BEGIN

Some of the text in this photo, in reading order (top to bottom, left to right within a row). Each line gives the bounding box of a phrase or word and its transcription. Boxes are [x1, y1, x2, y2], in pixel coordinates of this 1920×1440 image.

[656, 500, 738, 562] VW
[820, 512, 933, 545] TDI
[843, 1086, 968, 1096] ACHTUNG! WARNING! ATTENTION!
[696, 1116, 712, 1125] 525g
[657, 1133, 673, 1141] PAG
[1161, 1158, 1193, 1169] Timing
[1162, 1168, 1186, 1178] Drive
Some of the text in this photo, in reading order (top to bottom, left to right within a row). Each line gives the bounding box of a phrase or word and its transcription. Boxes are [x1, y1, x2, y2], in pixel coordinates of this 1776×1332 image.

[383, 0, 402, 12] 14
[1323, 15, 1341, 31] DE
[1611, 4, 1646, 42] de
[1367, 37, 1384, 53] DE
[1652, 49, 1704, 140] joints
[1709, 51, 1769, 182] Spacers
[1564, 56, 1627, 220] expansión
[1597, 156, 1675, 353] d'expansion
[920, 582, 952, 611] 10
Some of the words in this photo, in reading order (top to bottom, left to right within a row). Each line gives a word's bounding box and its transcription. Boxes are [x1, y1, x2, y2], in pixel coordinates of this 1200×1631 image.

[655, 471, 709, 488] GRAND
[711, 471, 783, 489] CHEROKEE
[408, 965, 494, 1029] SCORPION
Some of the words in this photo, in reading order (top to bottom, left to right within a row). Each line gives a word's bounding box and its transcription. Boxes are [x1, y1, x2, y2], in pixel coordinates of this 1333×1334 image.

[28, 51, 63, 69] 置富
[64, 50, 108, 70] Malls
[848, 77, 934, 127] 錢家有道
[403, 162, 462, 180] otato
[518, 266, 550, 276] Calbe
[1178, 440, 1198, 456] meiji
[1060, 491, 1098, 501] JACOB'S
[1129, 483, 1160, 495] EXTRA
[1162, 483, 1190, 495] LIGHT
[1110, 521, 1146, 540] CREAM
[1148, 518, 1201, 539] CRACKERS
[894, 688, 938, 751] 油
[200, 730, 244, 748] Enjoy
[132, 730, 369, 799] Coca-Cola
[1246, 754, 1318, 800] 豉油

END

* TASK STATEMENT *
Write the data out in full, matching every line exactly.

* RESPONSE TO THE EXERCISE *
Some of the text in this photo, in reading order (top to bottom, left to right within a row). Each line gives the bounding box of a phrase or word and its transcription. Boxes are [x1, y1, x2, y2], in pixel coordinates of this 1920×1440 image.

[656, 500, 738, 562] VW
[820, 512, 933, 545] TDI
[843, 1086, 968, 1096] ACHTUNG! WARNING! ATTENTION!
[696, 1116, 712, 1125] 525g
[657, 1133, 673, 1141] PAG
[1161, 1158, 1193, 1169] Timing
[1162, 1168, 1186, 1178] Drive
Some of the text in this photo, in reading order (top to bottom, left to right within a row). Each line gives the bounding box of a phrase or word and its transcription. Boxes are [x1, y1, x2, y2], in pixel coordinates of this 1776×1332 image.

[383, 0, 402, 12] 14
[1323, 15, 1341, 31] DE
[1611, 4, 1646, 42] de
[1367, 37, 1384, 53] DE
[1652, 49, 1704, 140] joints
[1709, 51, 1769, 182] Spacers
[1564, 56, 1627, 220] expansión
[1597, 156, 1675, 353] d'expansion
[920, 582, 952, 611] 10
Some of the words in this photo, in reading order (top to bottom, left to right within a row). Each line gives a word's bounding box and its transcription. Boxes are [x1, y1, x2, y2], in pixel coordinates of this 1200×1631 image.

[655, 471, 709, 488] GRAND
[711, 471, 783, 489] CHEROKEE
[408, 965, 494, 1029] SCORPION
Some of the words in this photo, in reading order (top to bottom, left to right within a row). Each line gives a word's bounding box and its transcription. Boxes are [x1, y1, x2, y2], in pixel coordinates of this 1333×1334 image.

[28, 51, 63, 69] 置富
[64, 50, 108, 70] Malls
[848, 77, 934, 127] 錢家有道
[403, 162, 462, 180] otato
[518, 266, 550, 276] Calbe
[1178, 440, 1198, 456] meiji
[1060, 491, 1098, 501] JACOB'S
[1129, 483, 1160, 495] EXTRA
[1162, 483, 1190, 495] LIGHT
[1110, 521, 1146, 540] CREAM
[1148, 518, 1201, 539] CRACKERS
[894, 688, 938, 751] 油
[200, 730, 244, 748] Enjoy
[132, 730, 369, 799] Coca-Cola
[1246, 754, 1318, 800] 豉油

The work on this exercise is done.